Once the BluePill is programmed and the two pieces are fitted together, there’s some more differences. This device is clearly designed to be fitted internally and this is evident with the choice of power connector; instead of a MicroUSB cable it has a floppy-style “berg” connector. Some host machines may even be able to power this over the SCSI cable using the small amount of power supplied for termination purposes, which is one of the benefit of using a lower powered processor than the Raspberry Pi, but it’s recommended to power it separately if you can. It also has no LEDs, switches or displays so there’s little point in having it out on display anyway.

That said, the images are also handled differently, and you’ll probably find that you need to access the MicroSD card a little more frequently. There’s no WiFi connection here, so no remote interface – instead you place files on the memory card with filenames that tells the BlueSCSI how to handle it. For example, HD10_512.HDF tells the system that the image is a Hard Drive, ID 1, LUN 0, with a 512byte block size. Again, multiple images can be attached at once with different IDs and you can add extra text to tell you what the image contains such as “HD20_512 Workbench 3.1 and games.HDF”. It does mean that until things are set up to your liking, you may be moving the memory card between your Amiga and a modern computer to manage the files but once it’s all to your liking it can be tucked safely away. Like the RaSCSI the files are also exactly what UAE expects so can be easily moved between machines for easy setup.

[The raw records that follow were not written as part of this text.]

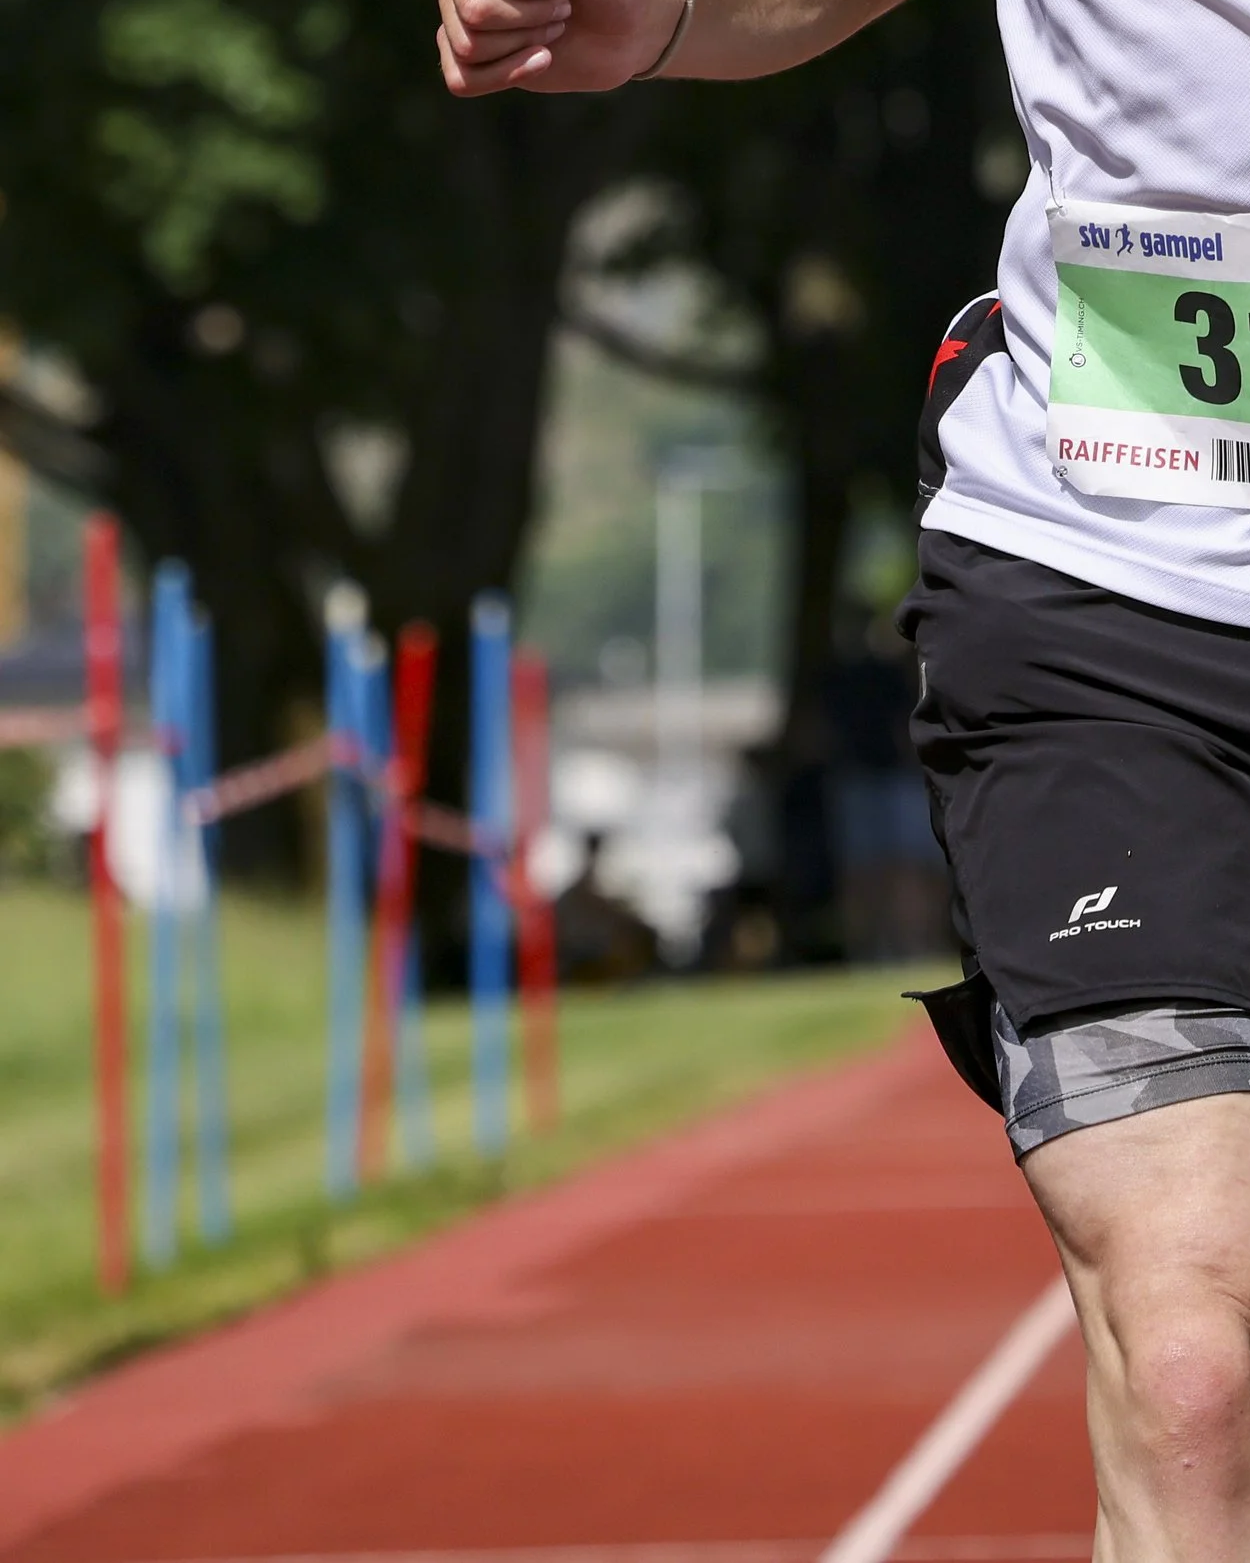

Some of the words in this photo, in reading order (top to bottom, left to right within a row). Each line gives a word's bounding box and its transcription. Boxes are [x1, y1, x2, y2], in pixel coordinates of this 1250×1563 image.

[1078, 222, 1110, 250] stv
[1140, 231, 1225, 263] gampel
[1058, 438, 1200, 472] RAIFFEISEN
[1048, 925, 1083, 942] PRO
[1084, 918, 1142, 933] TOUCH

Speedwise this is the slowest, but not by much with our tests getting around 1MB/sec, down from 1.2MB/sec on the original hard drive. Practically you wouldn’t notice this speed drop with most Amiga programs being floppy-sized, but it’s worth noting for this comparison.

The biggest problem with the BlueSCSI is compatibility; in testing we found it worked on GVP controllers such as the HC8 in an A2000, and an HD8 on an A500, but only once a slightly tweaked firmware had been built as shown by Gouldfish on Games in this video. On a Commodore controller it wouldn’t work at all, but it seems to work out of the box on an Oktagon 2008 board.

In conclusion, this is a nice device to pick up cheap and experiment with but you should be aware of the compatibility issues and be prepared to build your own firmware. That alone takes it out of the reach of many users, and whilst there’s a Discord server for support it’s mainly developed by Mac users so scope for Amiga compatibility will be limited.

The BlueSCSI can be purchased here (UK, with links to sellers in other countries) and you’ll also find a link to the Discord on that site.

The big wrap-up

So which device is the winner? Well, it’s not as easy as that and your ideal solution depends on a few factors. What we can do is probably rule out the BlueSCSI for Amiga use – it’s a great device at a fantastic price, but the support is mostly centered around Mac use so it may be a dead end that simply won’t work in your specific combination of Amiga and SCSI controller, unless you’re willing to get your hands dirty in the code. That said, it’s worth keeping an eye on the support channels to see if this improved over time as it’s a relatively young solution.

To choose between the RaSCSI and SCSI2SD, you should ask yourself how invisible you want it to be. The SCSI2SD is very much a case of set it up once and forget about it, and it will behave exactly like a hard drive would with near-instant startup and complete compatibility. The RaSCSI on the other hand is open source, and that brings with it a certain level of risk when it comes to whether it will work flawlessly. That said, across a number of machines in testing we’ve not found problems; that leaves just the startup time issue where you need to allow the Pi time to boot before it presents the disk images to the host.

So what are we using after all this testing? All three! The BlueSCSI has been pressed into use serving up games in an A500 with a GVP HC8+. It seems to be compatible with that controller, and we don’t need any of the extra features like CD support. The RaSCSI lives on in an external enclosure that can be powered up separately and then used in a variety of configurations across a number of machines, and the SCSI2SD is tucked away inside an A3000 doing what it does. If we had to choose just one though, the SCSI2SD has been the easiest to work with.